A study in people new to treatment compared the risk of developing resistance in people who took FTC (emtricitabine, Emtriva, also in the combination pills Truvada and Atripla) and those who took 3TC (lamivudine, Epivir, also in the combination pills Combivir and Trizivir).
The researchers found that when viral load increased to detectable levels, those taking an HIV treatment combination that included FTC were less likely than those taking a combination including 3TC to develop a key resistance mutation called M184V.
The investigators think that this is because tenofovir is stronger than abacavir.
In addition, treatment with a boosted protease inhibitor was associated with a lower risk of this type of resistance than therapy with an NNRTI (non-nucleoside reverse transcriptase inhibitor).
In the UK, nearly everybody taking HIV treatment has an undetectable viral load. However, these results are still useful because they will help doctors and patients decide which drugs to take.
For more information on resistance, visit our website to read our patient information booklet Adherence & resistance or the Drug resistance chapter of our HIV Treatments Directory. Alternatively contact us to find out about ordering printed copies of these resources.
HIV and women
Researchers have found that women are just as likely as men to benefit from treatment with ritonavir-boosted darunavir (Prezista).

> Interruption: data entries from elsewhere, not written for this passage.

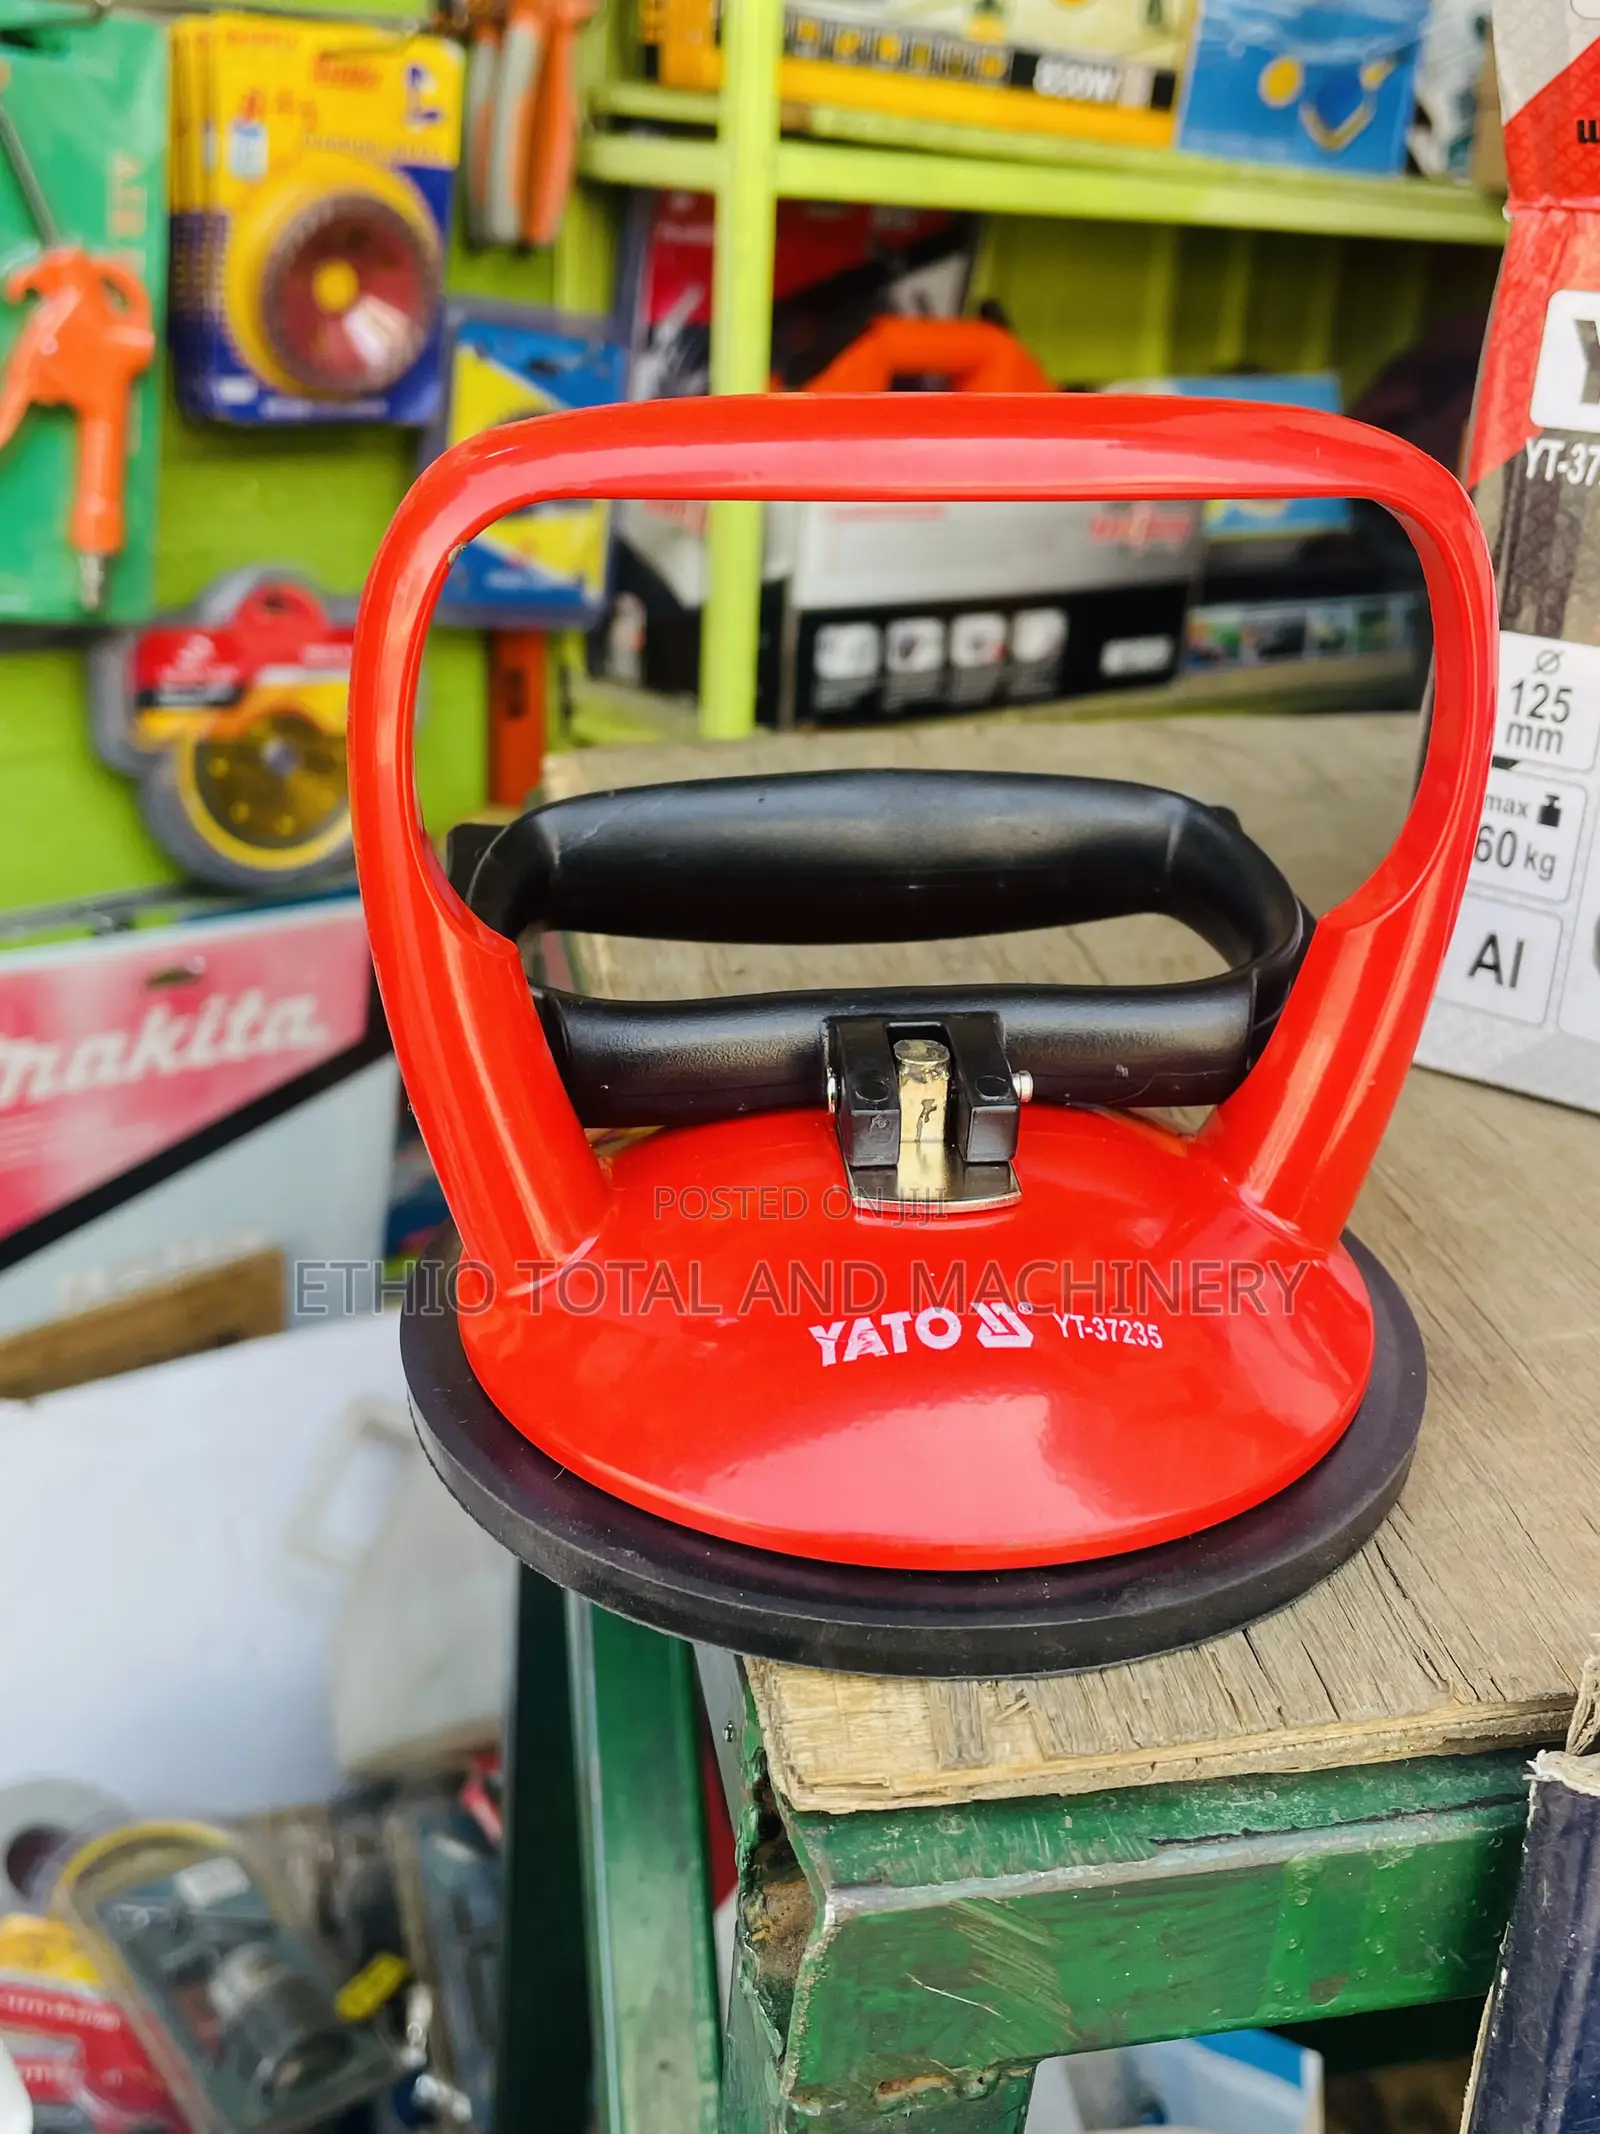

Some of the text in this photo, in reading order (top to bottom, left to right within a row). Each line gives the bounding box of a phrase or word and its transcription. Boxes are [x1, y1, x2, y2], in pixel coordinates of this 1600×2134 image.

[1526, 437, 1600, 486] YT-37
[1511, 679, 1572, 723] 125
[1505, 722, 1564, 754] mm
[1484, 793, 1529, 818] max
[1474, 825, 1556, 881] 60 kg
[808, 1306, 1164, 1367] YATO YT-37235

The results of this study are especially important because the study included far more women than men (67 vs 33%). Clinical trials usually involve far more men than women.

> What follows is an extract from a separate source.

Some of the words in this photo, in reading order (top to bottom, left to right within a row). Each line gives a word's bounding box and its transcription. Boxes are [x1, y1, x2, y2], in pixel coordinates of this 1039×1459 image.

All the patients had experience of HIV treatment and had a detectable viral load.
Darunavir/ritonavir was taken in combination with other anti-HIV drugs that were selected after looking at individual patients' treatment histories and resistance profiles.
Women and men were equally likely to achieve an undetectable viral load.
In addition, rates of side-effects were similar.
But women were more likely than men to withdraw from the study (33 vs 23%) for reasons other than increase in viral load.
The researchers therefore suggest that more needs to be done to support women taking HIV treatment.
HIV and lung disease
Researchers have found that people with HIV have an increased risk of developing lung disease that has either infectious or uninfectious causes.
The immune damage that untreated HIV causes means that patients can be vulnerable to a number of serious lung diseases related to infections such as bacterial pneumonia, PCP, and TB.
Rates of these and other HIV-related illnesses have fallen since effective HIV treatment became available.
However, chronic organ disease, which often does not have an infectious cause, is now an increasingly significant cause of illness and death in people with HIV. Some of this disease is related to ageing.
Researchers wanted to see if HIV was still associated with a greater risk of lung disease, including illnesses that don’t have an infectious cause.
The study was very big. It involved over 33,000 patients with HIV, and they were compared to over 66,000 HIV-negative patients.
Those with HIV were much more likely to develop new lung disease. The most common were bacterial pneumonia and chronic obstructive pulmonary disease – the latter does not have an infectious cause.
Lung disease occurred at a younger age in patients with HIV.
A higher CD4 cell count and an undetectable viral load were associated with lower rates of lung disease caused by infections.
In addition, patients who were taking HIV treatment had a reduced risk of developing many lung problems that did not have infectious causes.